Loss of heterozygosity induced by a chromosomal double-strand break

Abstract

The repair of chromosomal double-strand breaks (DSBs) is necessary for genomic integrity in all organisms. Genetic consequences of misrepair include chromosomal loss, deletion, and duplication resulting in loss of heterozygosity (LOH), a common finding in human solid tumors. Although work with radiation-sensitive cell lines suggests that mammalian cells primarily rejoin DSBs by nonhomologous mechanisms, alternative mechanisms that are implicated in chromosomal LOH, such as allelic recombination, may also occur. We have examined chromosomal DSB repair between homologs in a gene targeted mammalian cell line at the retinoblastoma (Rb) locus. We have found that allelic recombinational repair occurs in mammalian cells and is increased at least two orders of magnitude by the induction of a chromosomal DSB. One consequence of allelic recombination is LOH at the Rb locus. Some of the repair events also resulted in other types of genetic instability, including deletions and duplications. We speculate that mammalian cells may have developed efficient nonhomologous DSB repair processes to bypass allelic recombination and the potential for reduction to homozygosity.

Figure 1

Gene-targeted region of the Rb locus in ES cells containing recombination substrates. (A) The Rb locus at exons 19 and 20. (B) Gene-targeted Rb alleles containing substrates to detect DSB-induced allelic recombination. Alleles K and L are nondisrupting Rb alleles that have the recombination substrates gene targeted to intron 18. Alleles M and N are disrupting Rb alleles that have the recombination substrates targeted to exon 19. Each Rb allele contains a defective neo gene. The K and M alleles contain the Sneo gene that is mutated by the presence of an I-SceI site at the 3′ end of the neo gene.

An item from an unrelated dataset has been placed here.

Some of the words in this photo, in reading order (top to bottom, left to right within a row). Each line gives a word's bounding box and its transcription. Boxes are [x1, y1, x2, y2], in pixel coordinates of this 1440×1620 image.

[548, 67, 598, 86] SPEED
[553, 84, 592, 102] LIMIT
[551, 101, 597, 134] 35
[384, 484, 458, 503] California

The 18-bp I-SceI site can be cleaved in vivo by expression of I-SceI. The L and N alleles contain the Pneo gene that is mutated at its 5′ end by the insertion of a PacI linker. Transcription of the neo genes is opposite to that of the Rb gene. Drug selection markers hyg⁺ and hprt⁺ are transcribed in the same orientation as the Rb gene and were used to select for gene targeting in the hprt⁻ ES cell line. Single rounds of gene targeting were used to construct cell lines with each of the K, L, M, and N alleles. Consecutive rounds of gene targeting were used to construct cell lines with KL and MN alleles. The KL cell line is effectively Rb^+/+, whereas the MN cell line is Rb^−/−.

Figure 2

Southern blot analysis of G418^R subclones obtained after transfection of cell lines with the I-SceI expression vector. (A) Structure of Rb alleles with relevant restriction sites. Parentheses indicate absence of exon 19 in the M and N alleles. HindIII–PacI and PstI restriction fragment sizes in kb are indicated below each allele. Neo⁺ clones derived from DNA end-joining or allelic recombination with gene conversion tracts of less than 300 bp (i.e., STGC) give indistinguishable products in which the only detectable alteration of the K and M alleles is loss of the I-SceI site from the neo gene, as indicated. Recombinant hybrid alleles are derived from allelic recombination with gene conversions tracts that are greater than 300 bp (i.e., LTGC). LTGCs that include the entire hprt gene are at least 2.8 kb. In addition to the neo⁺ hybrid allele, each recombinant cell line has an intact L or N allele, as shown. (B) Southern blot analysis of genomic DNA cleaved with HindIII/PacI. (C) Southern blot analysis of genomic DNA cleaved with PstI. Genomic DNA of expanded K, M, KL, and MN G418^R clones was digested with restriction enzymes as noted and hybridized to a ³²P-labeled neo EagI–NcoI fragment. Rb alleles in these clones have fragment sizes as shown in A, except for KL neo⁺ clone C12. The hybrid Rb allele in clone C12 has an approximate 2.5-kb deletion. This is detected by the faster mobility of the upper band in B and is indicated by the arrow in C.

Figure 3

Southern blot analysis demonstrating loss of the I-SceI site and duplication of the Rb locus. Lanes are marked with W (for wild-type) if alleles are unaltered in copy number and D if an allele is duplicated. The neo gene probe is as in Fig. 2. (A) Analysis of genomic DNA cleaved with BglII/I-SceI from KL neo⁺ clones. Restriction fragment sizes are indicated for each of the alleles, with both the parental and neo⁺ alleles shown for K (K-Sneo and K-neo+, respectively). The KL clone in lane De has a deletion in the recombinant L–K allele (clone C6; see text). (B) Analysis of genomic DNA cleaved with BglII/I-SceI from MN neo⁺ clones. Restriction fragment sizes are indicated for each of the alleles, with both the parental and neo⁺ allele shown for M (M-Sneo and M-neo+, respectively). All MN clones in lanes labeled D have duplicated N alleles, except one clone that has an additional parental M-Sneo allele, as indicated.